Подобно тому, как лишь немногим дано пойти по пути аскета, "только монаху доступны красоты ума, и только он сквозь благоуханную тайну молитвенного подвига зрит смысловую судьбу мироздания", точно так же не всякому открывается и тайна имени. Некоей предварительной ступенью на пути его (имени) постижения служит выражение, по Лосеву, - тождество логических моментов смысла с алогическими. Данность предмета дополняется его выразительностью. Тайна выражения состоит в соотнесенности "смысла" с окружающей его инаковостью. Выражение не достигает "предельности" имени, но в его пределах "между чисто отвлеченным смыслом и вещью" возникает музыка, "звучащая умная, или числовая, материя, выраженная алогическая стихия, разыгрывающаяся в глубине и на лоне чистого числа". Выражение не является, подобно имени, подлинным выражением активности действительности, оно лишь конструирует мыслимость "с точки зрения возможных алогических судеб".

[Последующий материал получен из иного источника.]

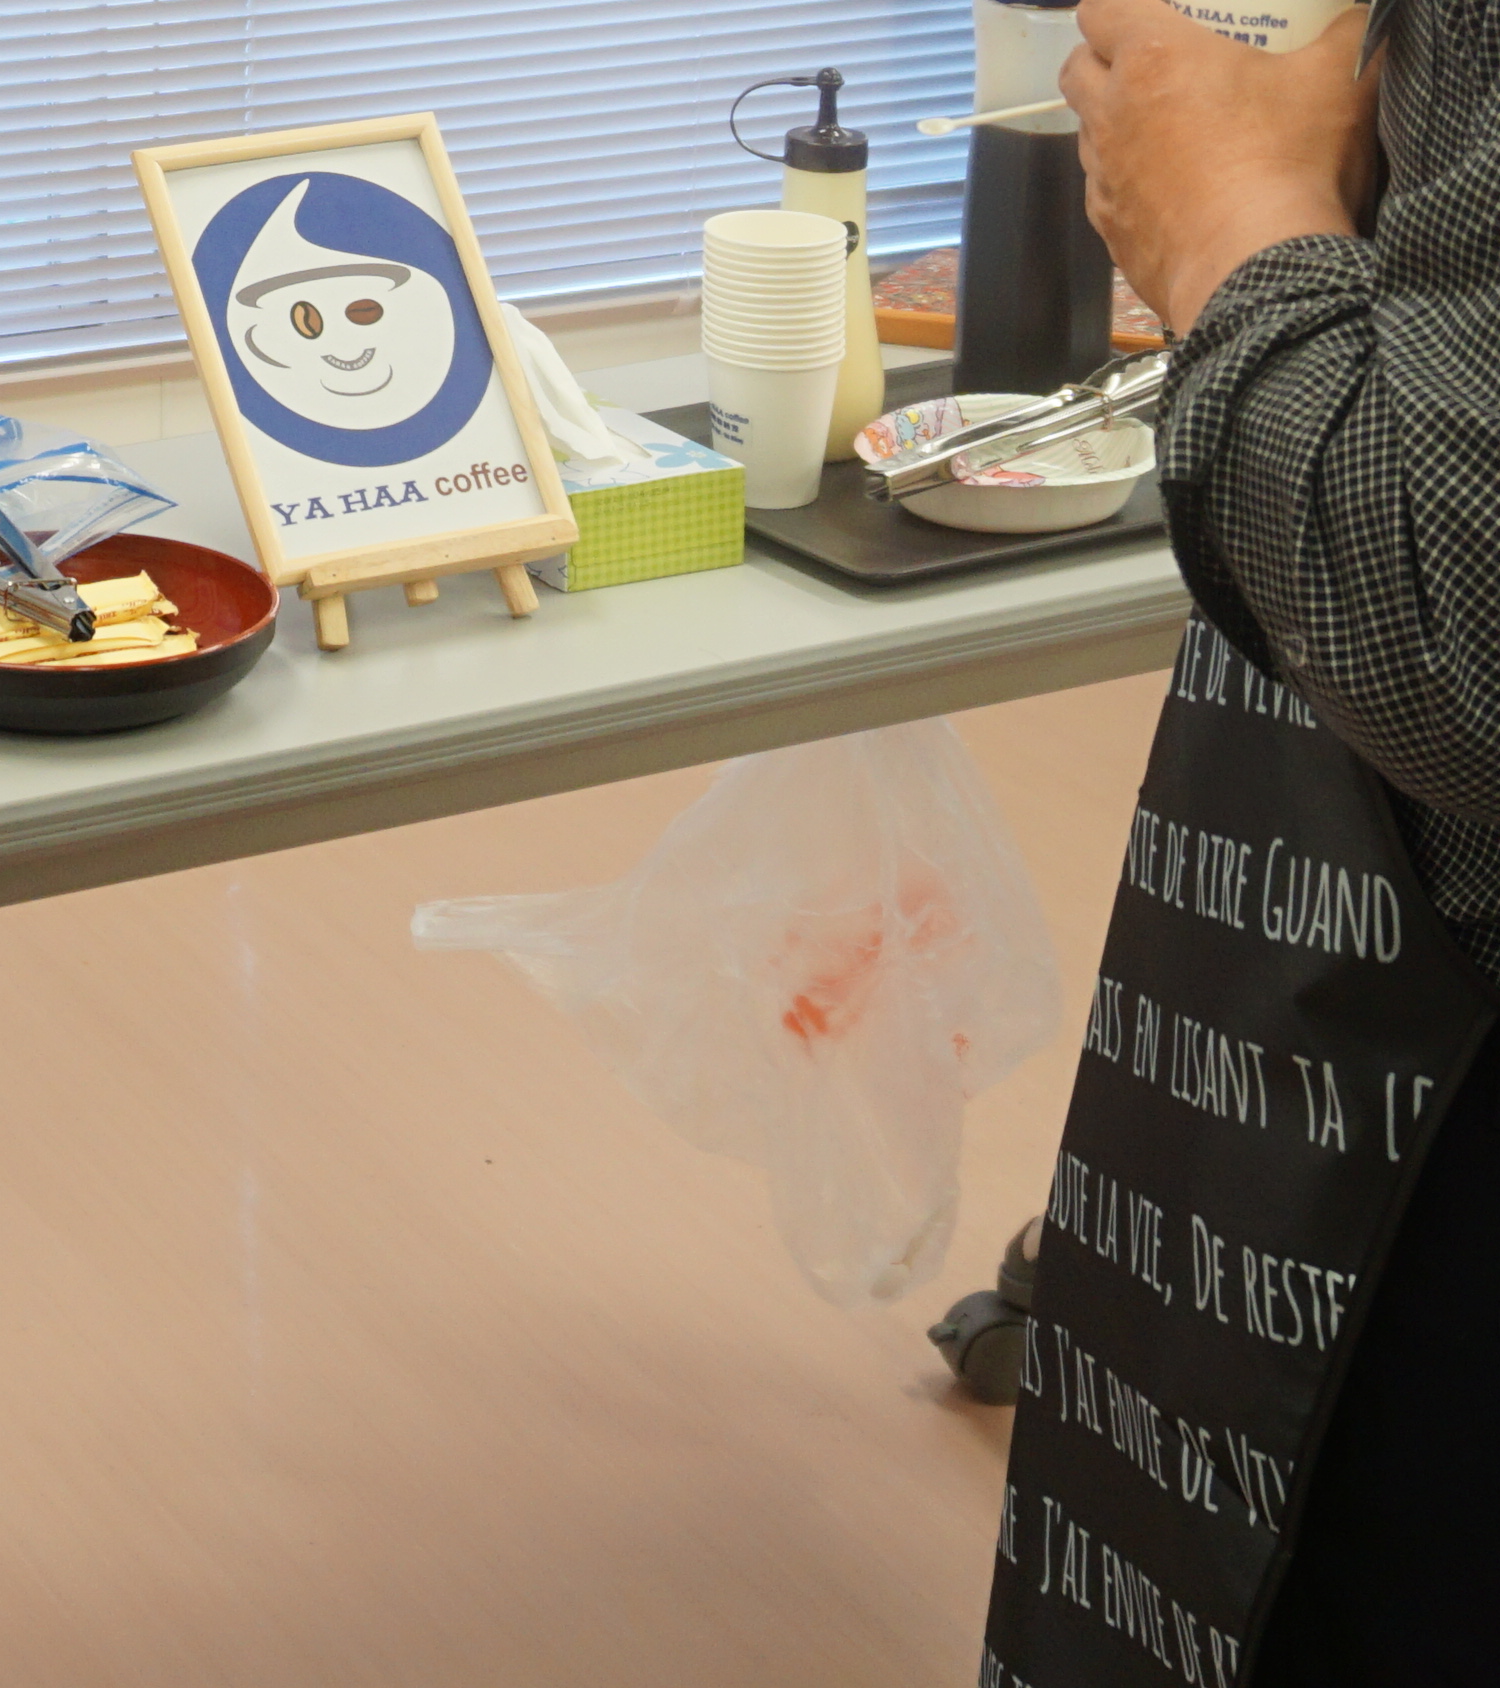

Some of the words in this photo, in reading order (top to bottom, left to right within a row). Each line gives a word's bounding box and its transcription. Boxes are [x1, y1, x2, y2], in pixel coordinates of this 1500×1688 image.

[1196, 8, 1236, 25] HAA
[1240, 14, 1288, 29] coffee
[271, 496, 335, 527] YA
[337, 480, 429, 515] HAA
[434, 462, 529, 497] coffee
[1163, 821, 1190, 909] DE
[1196, 829, 1252, 930] RIRE
[1083, 975, 1124, 1064] AIS
[1133, 993, 1162, 1084] EN
[1171, 1012, 1268, 1130] LISANT
[1292, 1054, 1346, 1153] TA
[1096, 1173, 1119, 1265] LA
[1129, 1190, 1173, 1307] VIE,
[1191, 1213, 1230, 1325] DE
[1242, 1244, 1357, 1353] RESTE
[1053, 1323, 1103, 1435] J'AI
[1105, 1367, 1169, 1490] ENVIE
[1176, 1415, 1219, 1514] DE
[1040, 1495, 1092, 1610] J'AI
[1102, 1542, 1173, 1670] ENVIE

"Наиболее вразумительным в языке является не слово, а тон, сила, модуляция, темп, с которыми проговаривается ряд слов, - короче, музыка за словами, страсть за этой музыкой, личность за этой страстью: стало быть, все то, что не может быть написано". Похоже, Лосев согласился бы с этой темпераментной репликой Ницше: "есть надежда не на то, что сказано, а на то, что не сказано, что таится и музыкально реет под видимой безличностью и смертной скованностью слова-понятия". Музыка, особенно чистая, лишенная программы музыка, размыкает, по Лосеву, тюрьму пространства и времени, в образе и понятии ему видятся распадение, раскол, "видящий образами видит наполовину в них себя; мыслящий понятиями, о чем бы ни мыслил он, мыслит окаменелый и проклятый мир".

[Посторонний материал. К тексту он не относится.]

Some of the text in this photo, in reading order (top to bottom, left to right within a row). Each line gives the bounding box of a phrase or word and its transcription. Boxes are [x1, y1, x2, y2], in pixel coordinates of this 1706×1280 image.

Музыка отличается, по Лосеву, от чистой мысли, отсутствием познавательной оформленности, не захватывая пространственно-временного плана бытия. Однако, не обладая оформленностью и структурностью, она дает чистое качество, обращает нас к самой сущности мира. Музыкальное бытие, по сути своей бесформенное, проходя различные стадии оформления (эпическую, драматическую, лирическую), в конце этого процесса "напрягается до слова, до логоса". Нерассудочная, магичная, деятельная, музыкальная мысль есть, в видении Лосева, само бытие, она заставляет "трепетать за свою судьбу, за судьбу человека".

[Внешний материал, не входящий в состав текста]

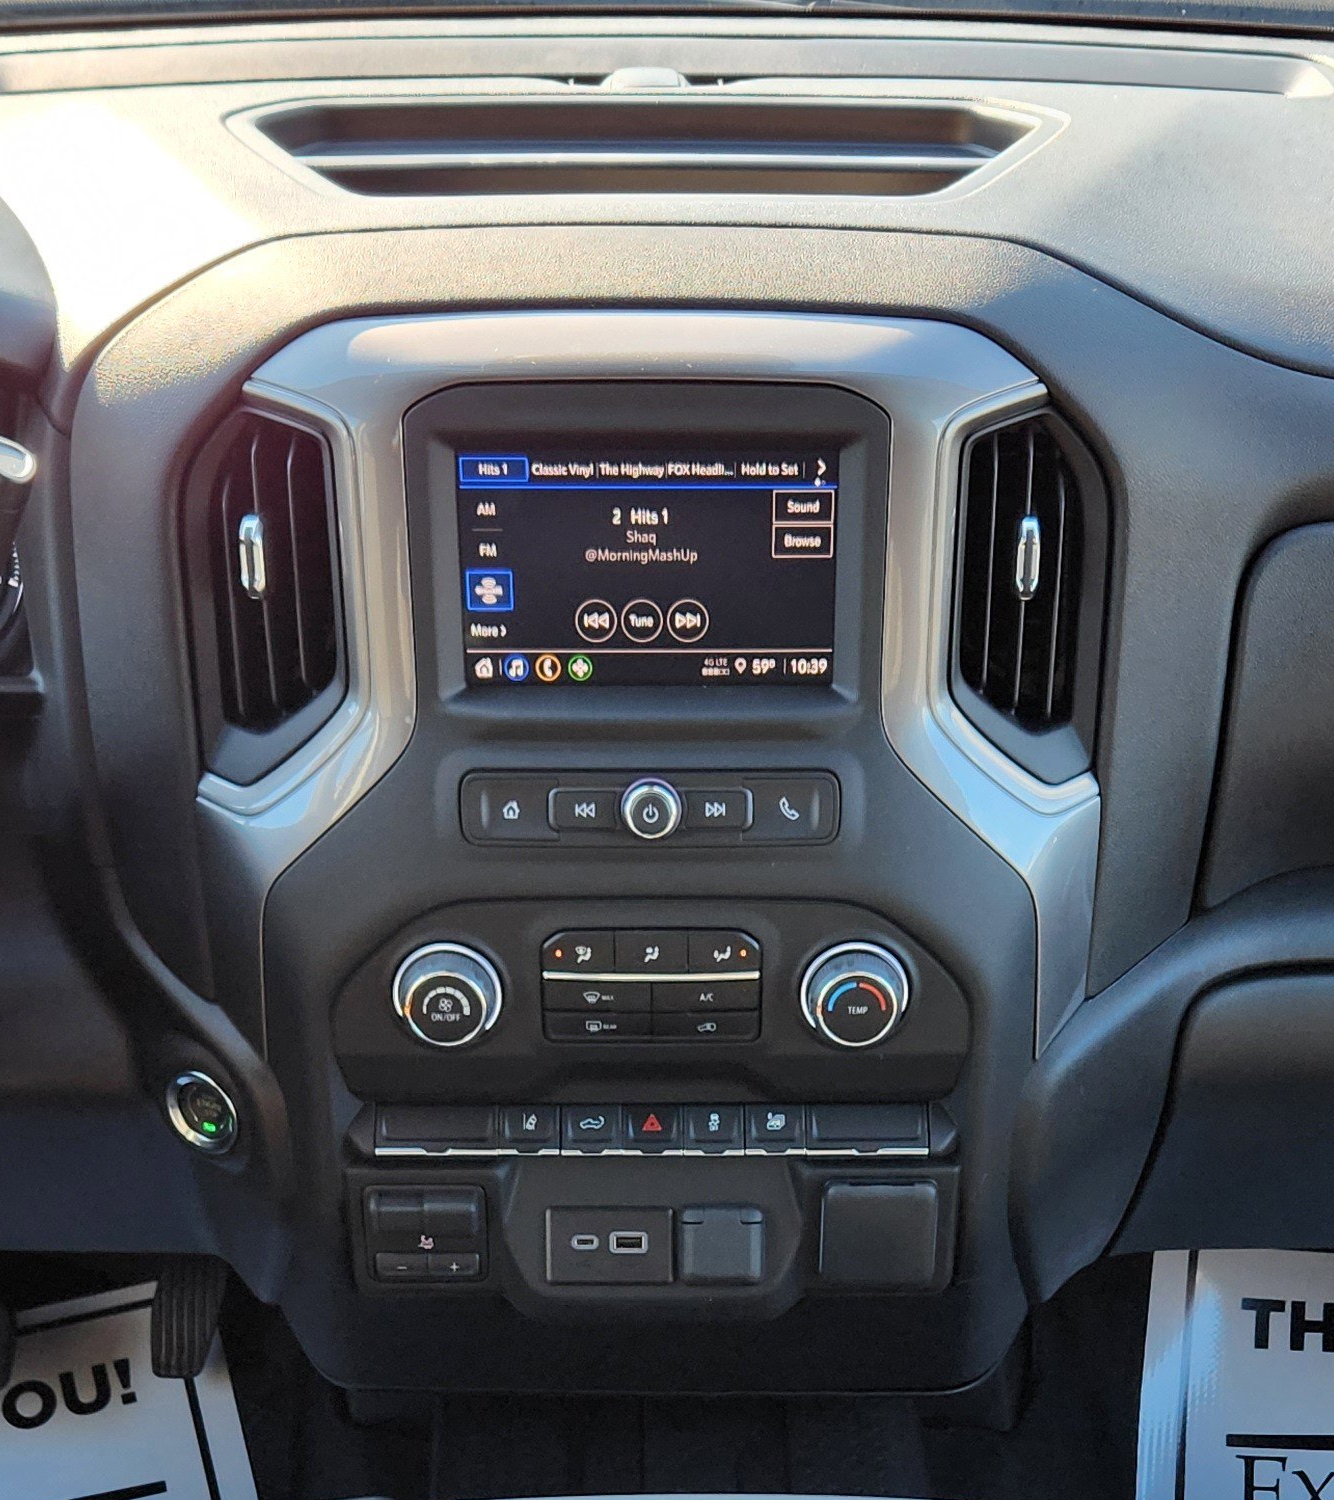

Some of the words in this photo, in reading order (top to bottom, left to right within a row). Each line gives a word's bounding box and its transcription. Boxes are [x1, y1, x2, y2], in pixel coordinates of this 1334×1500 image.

Итак, музыкальное выражение обладает познавательной ценностью. Ценность эта, как это видится Лосеву, двоякого рода.
Во-первых, музыка "открывает глубочайшую и захватывающую сущность там, где раньше, казалось, царила все та же прискучившая всем и монотонная обыденность". Если, по Ницше, герой появляется тогда, когда змея превращается в дракона, то, по Лосеву, "при свете музыки" наша любовь, такая мелкая и эгоистичная, оказывается коренящейся в сокровенных глубинах нашего существа; наша ненависть, злая и некрасивая, вдруг оказывается таящей в себе адские возможности, только в музыке мы осознаем свою глубинную связь с мировой Душой, бьющейся в каждой маленькой человеческой личности.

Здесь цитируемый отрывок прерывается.